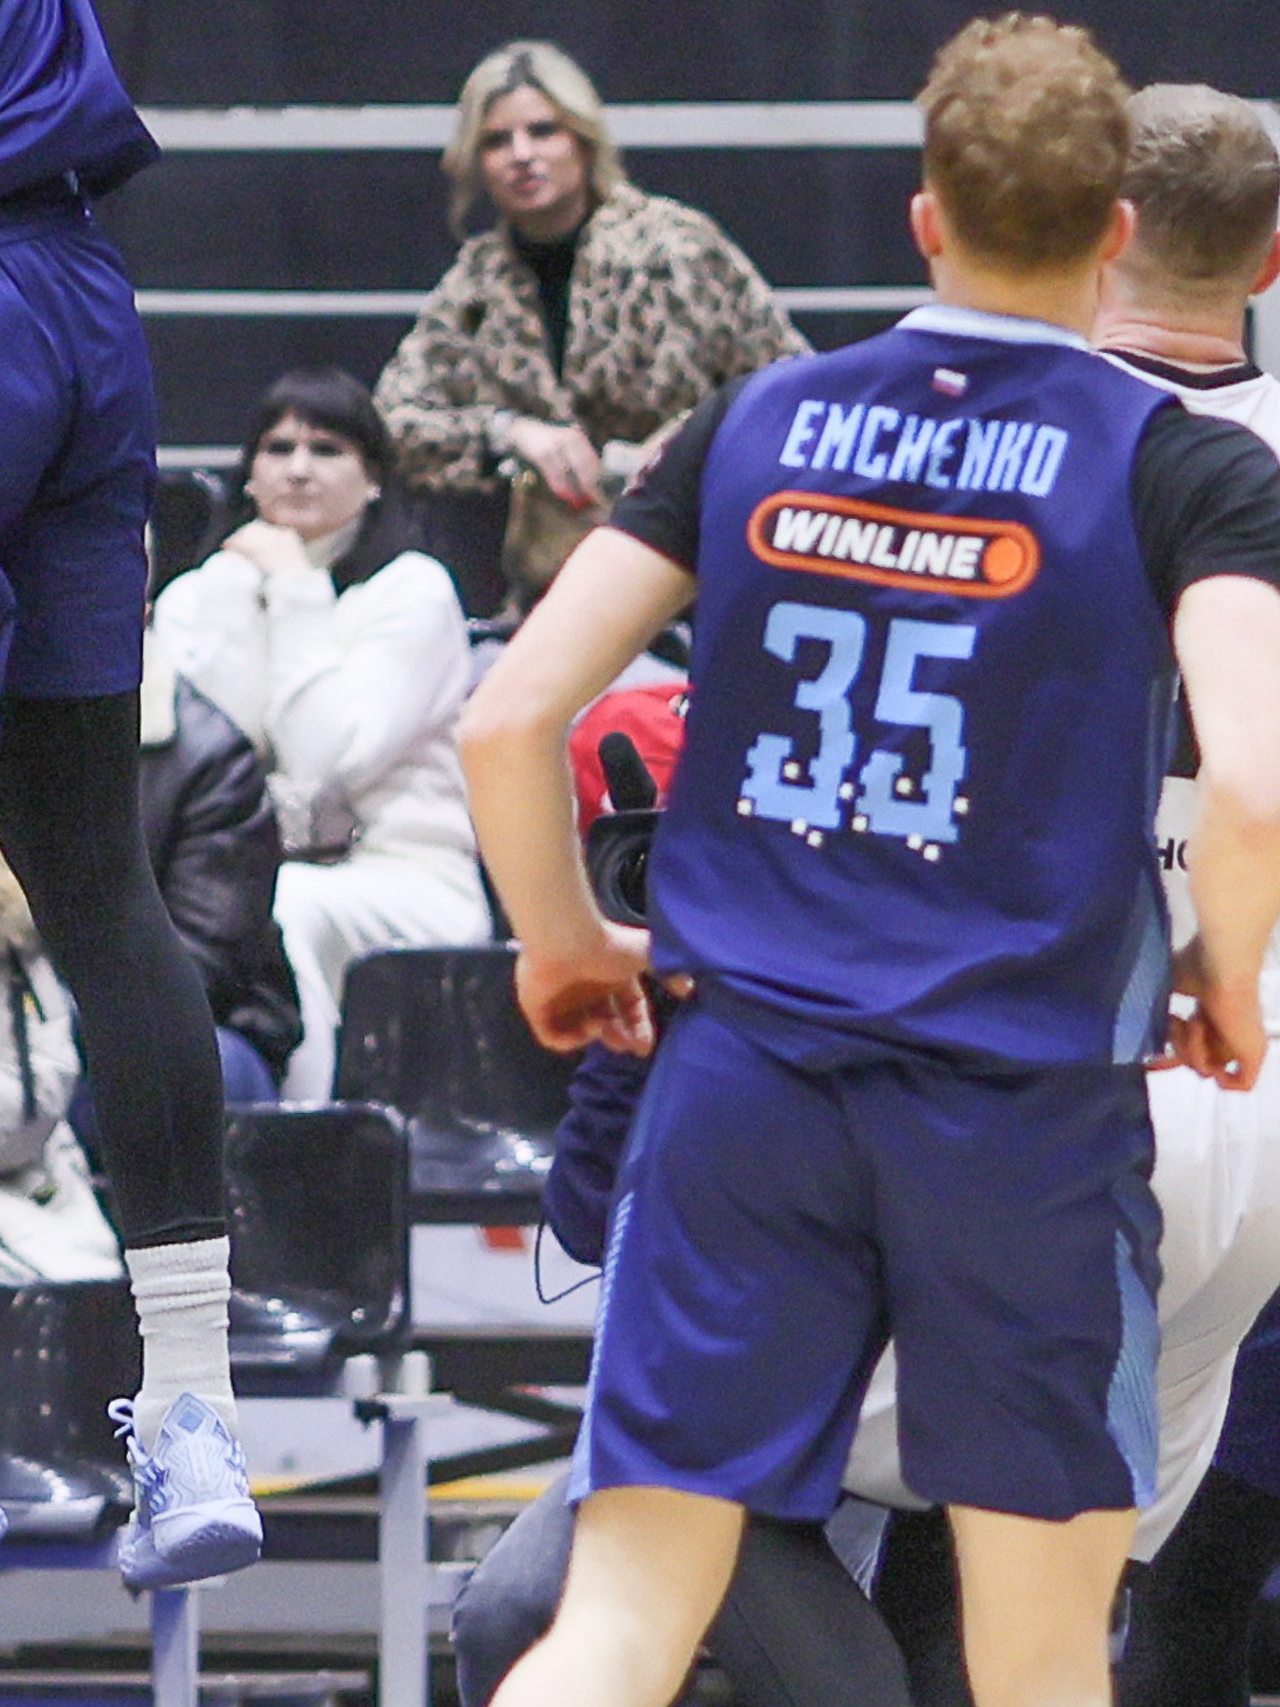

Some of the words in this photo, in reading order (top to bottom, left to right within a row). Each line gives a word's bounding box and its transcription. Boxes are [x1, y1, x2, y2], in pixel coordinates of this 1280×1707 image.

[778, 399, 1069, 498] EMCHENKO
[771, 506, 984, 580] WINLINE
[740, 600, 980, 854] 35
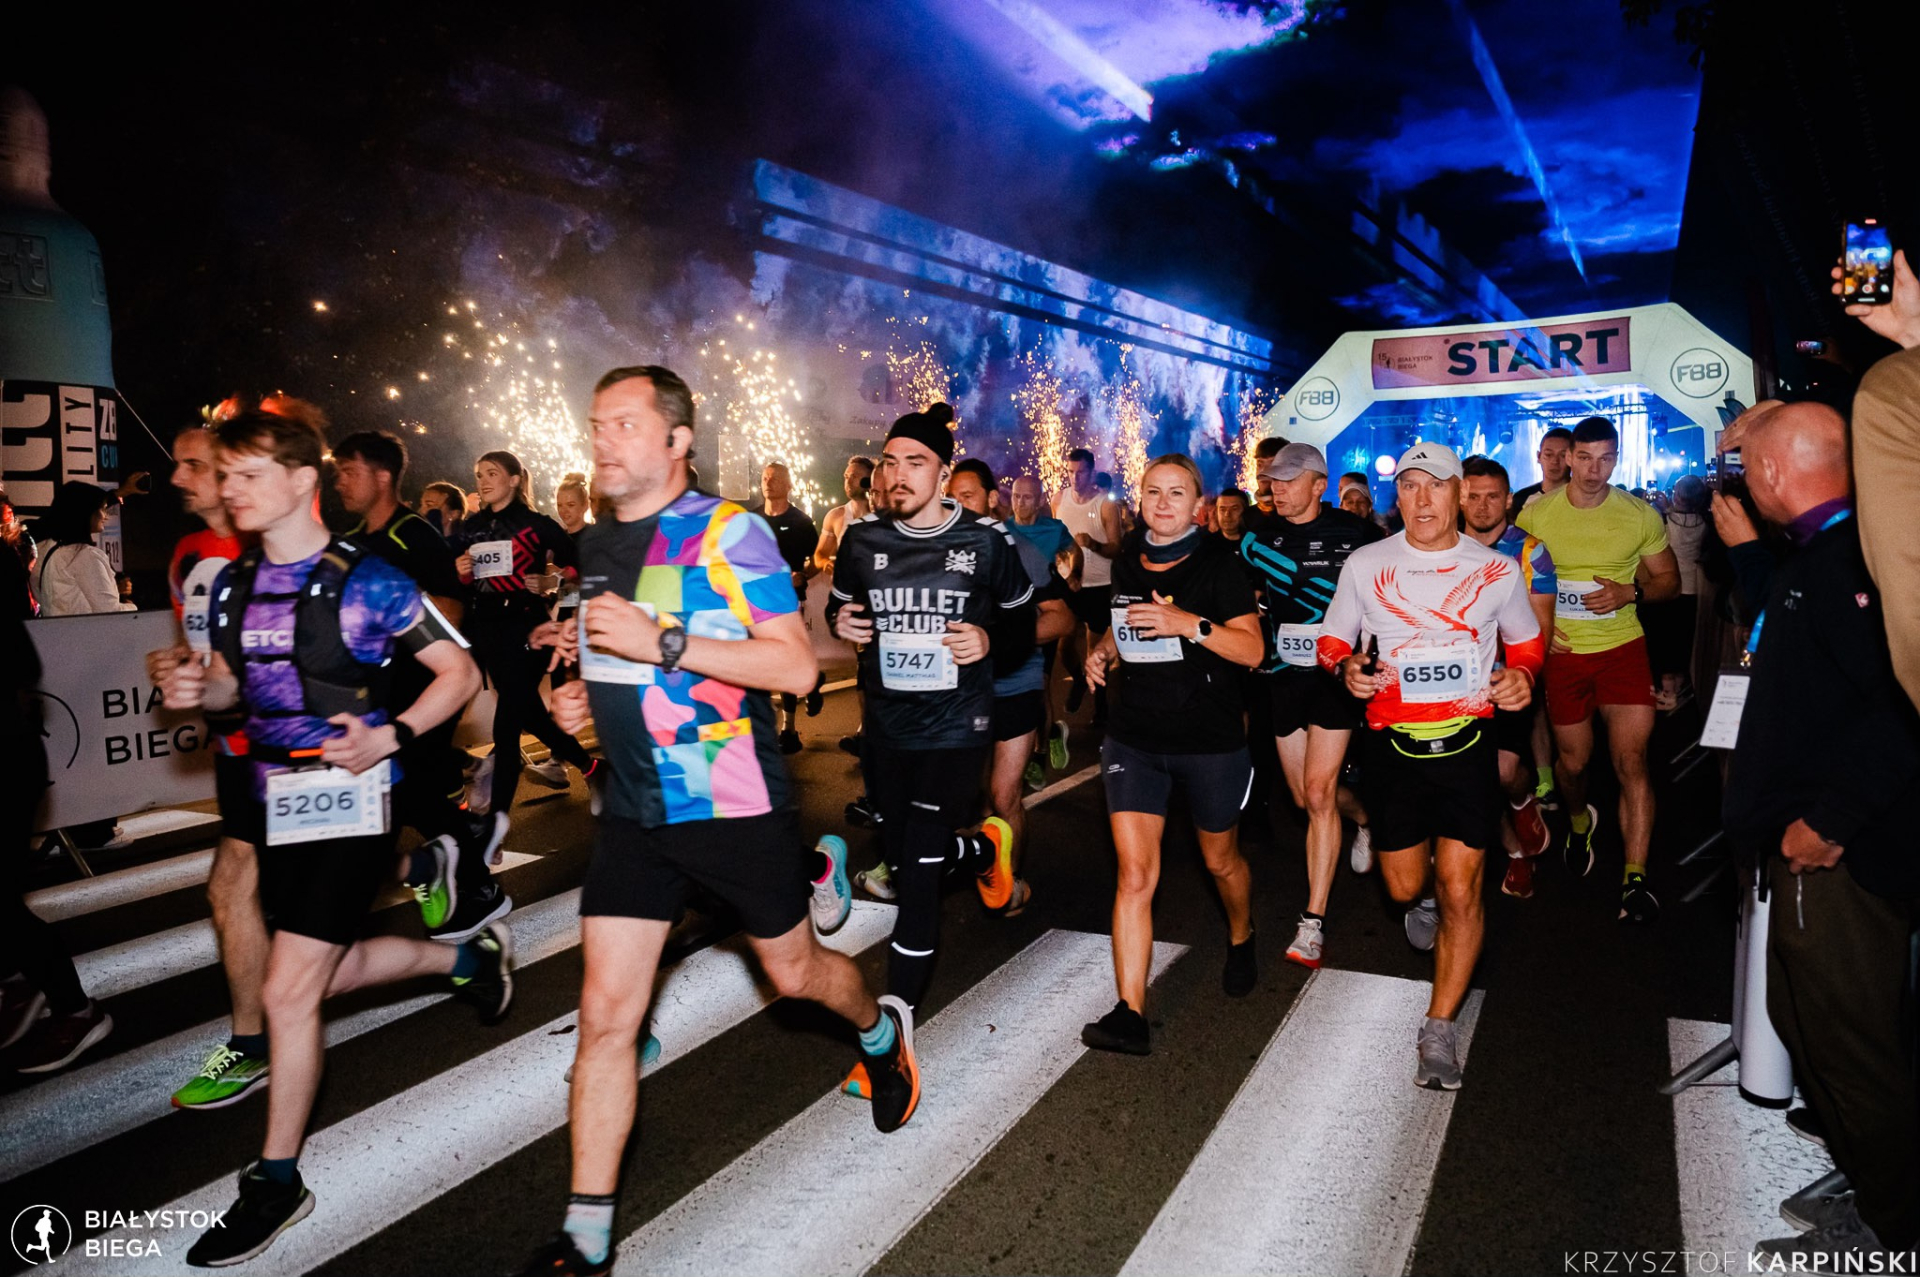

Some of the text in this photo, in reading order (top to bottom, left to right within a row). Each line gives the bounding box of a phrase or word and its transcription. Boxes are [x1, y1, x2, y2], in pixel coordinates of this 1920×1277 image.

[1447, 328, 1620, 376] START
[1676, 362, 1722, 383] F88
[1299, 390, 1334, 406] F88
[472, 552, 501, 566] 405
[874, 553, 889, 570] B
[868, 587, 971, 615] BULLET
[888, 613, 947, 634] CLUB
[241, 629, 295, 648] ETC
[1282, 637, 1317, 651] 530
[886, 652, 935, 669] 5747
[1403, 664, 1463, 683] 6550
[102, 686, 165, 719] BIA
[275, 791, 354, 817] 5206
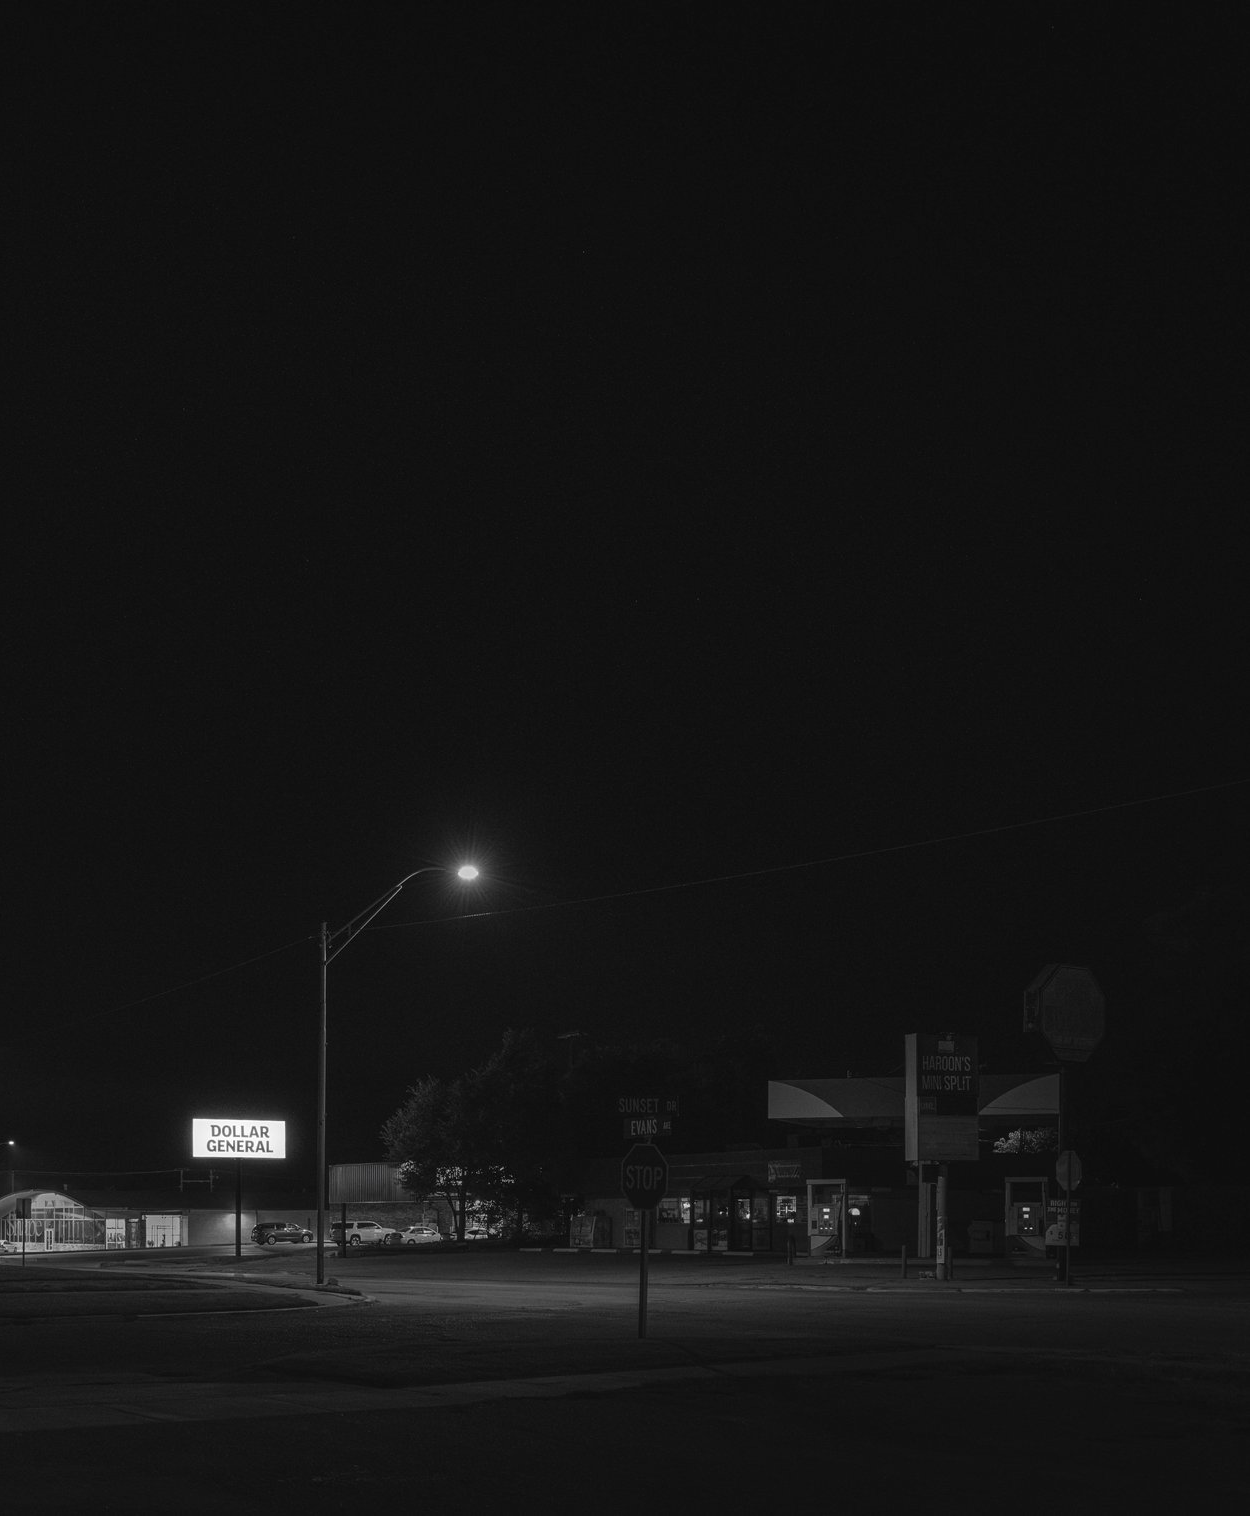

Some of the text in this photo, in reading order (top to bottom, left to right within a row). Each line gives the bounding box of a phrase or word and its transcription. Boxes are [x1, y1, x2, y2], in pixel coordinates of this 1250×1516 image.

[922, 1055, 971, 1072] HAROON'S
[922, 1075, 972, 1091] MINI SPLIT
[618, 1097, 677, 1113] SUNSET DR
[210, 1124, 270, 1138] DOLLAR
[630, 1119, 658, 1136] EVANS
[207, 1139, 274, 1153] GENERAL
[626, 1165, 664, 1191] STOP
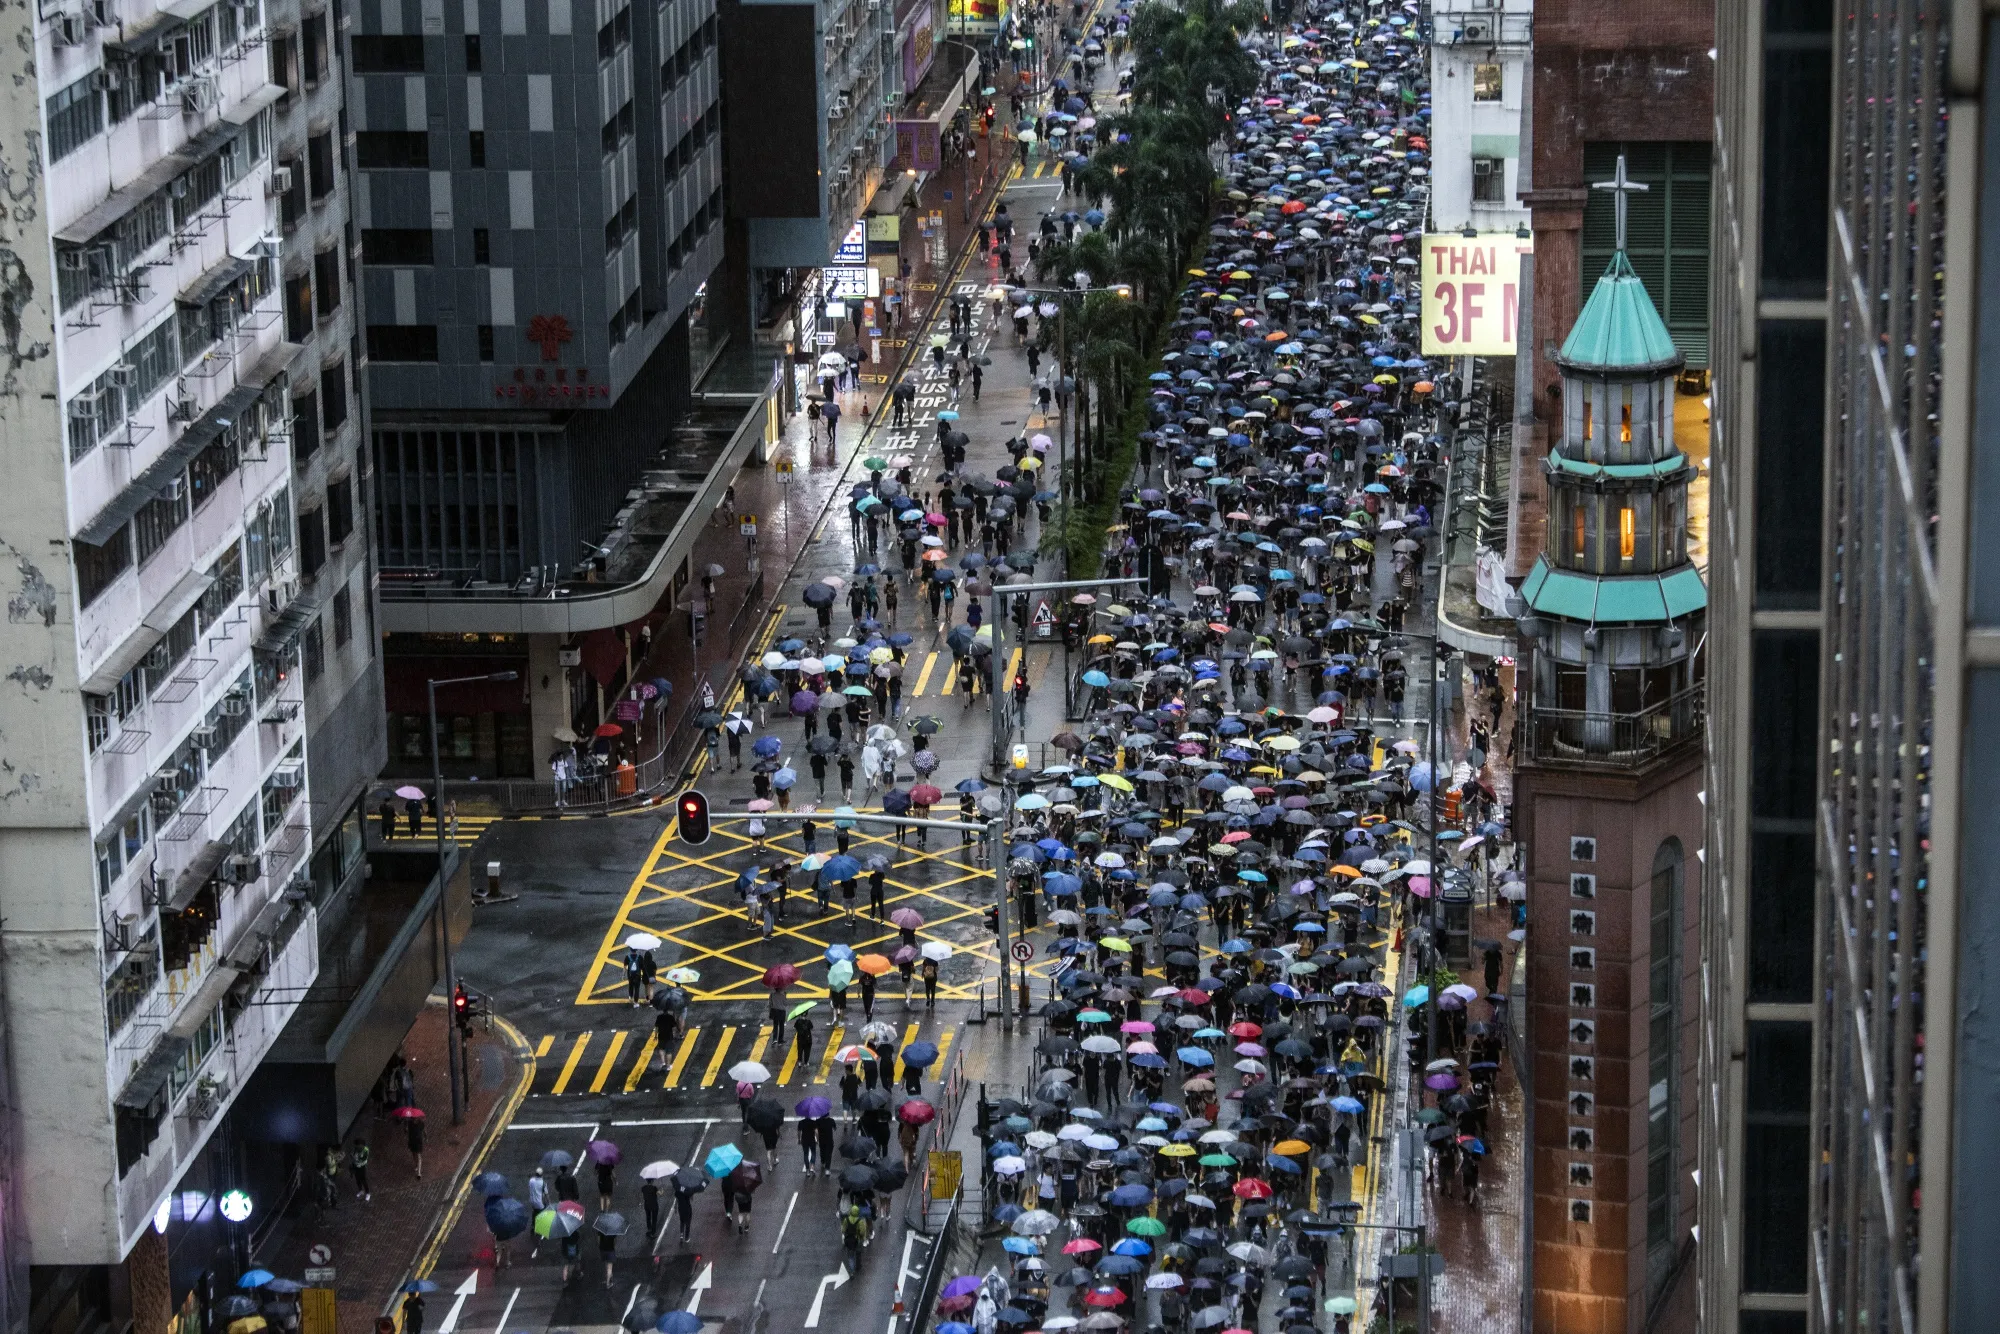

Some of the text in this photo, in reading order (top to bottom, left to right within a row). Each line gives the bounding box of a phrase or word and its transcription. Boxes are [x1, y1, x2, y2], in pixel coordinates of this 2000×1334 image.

- **WORK TASK**
Leave every picture out and write out, word for word, the lines from the one that contains "this 1920×1277 image." through the last line of the records.

- **EXERCISE ANSWER**
Some of the text in this photo, in reading order (top to bottom, left to right within a row). Each line gives the bounding box of a phrase or word and its transcription. Boxes are [x1, y1, x2, y2], in pixel coordinates of this 1920×1277 image.

[1447, 328, 1620, 376] START
[1676, 362, 1722, 383] F88
[1299, 390, 1334, 406] F88
[472, 552, 501, 566] 405
[874, 553, 889, 570] B
[868, 587, 971, 615] BULLET
[888, 613, 947, 634] CLUB
[241, 629, 295, 648] ETC
[1282, 637, 1317, 651] 530
[886, 652, 935, 669] 5747
[1403, 664, 1463, 683] 6550
[102, 686, 165, 719] BIA
[275, 791, 354, 817] 5206

Some of the text in this photo, in reading order (top to bottom, left to right within a row). Each line gives the bounding box of a phrase or word and its transcription. Boxes are [x1, y1, x2, y2], in pixel coordinates of this 1250×1516 image.

[922, 1055, 971, 1072] HAROON'S
[922, 1075, 972, 1091] MINI SPLIT
[618, 1097, 677, 1113] SUNSET DR
[210, 1124, 270, 1138] DOLLAR
[630, 1119, 658, 1136] EVANS
[207, 1139, 274, 1153] GENERAL
[626, 1165, 664, 1191] STOP

Some of the text in this photo, in reading order (top to bottom, left to right within a row). Each line gives the bounding box of a phrase or word and its transcription. Boxes are [x1, y1, x2, y2], in pixel coordinates of this 2000×1334 image.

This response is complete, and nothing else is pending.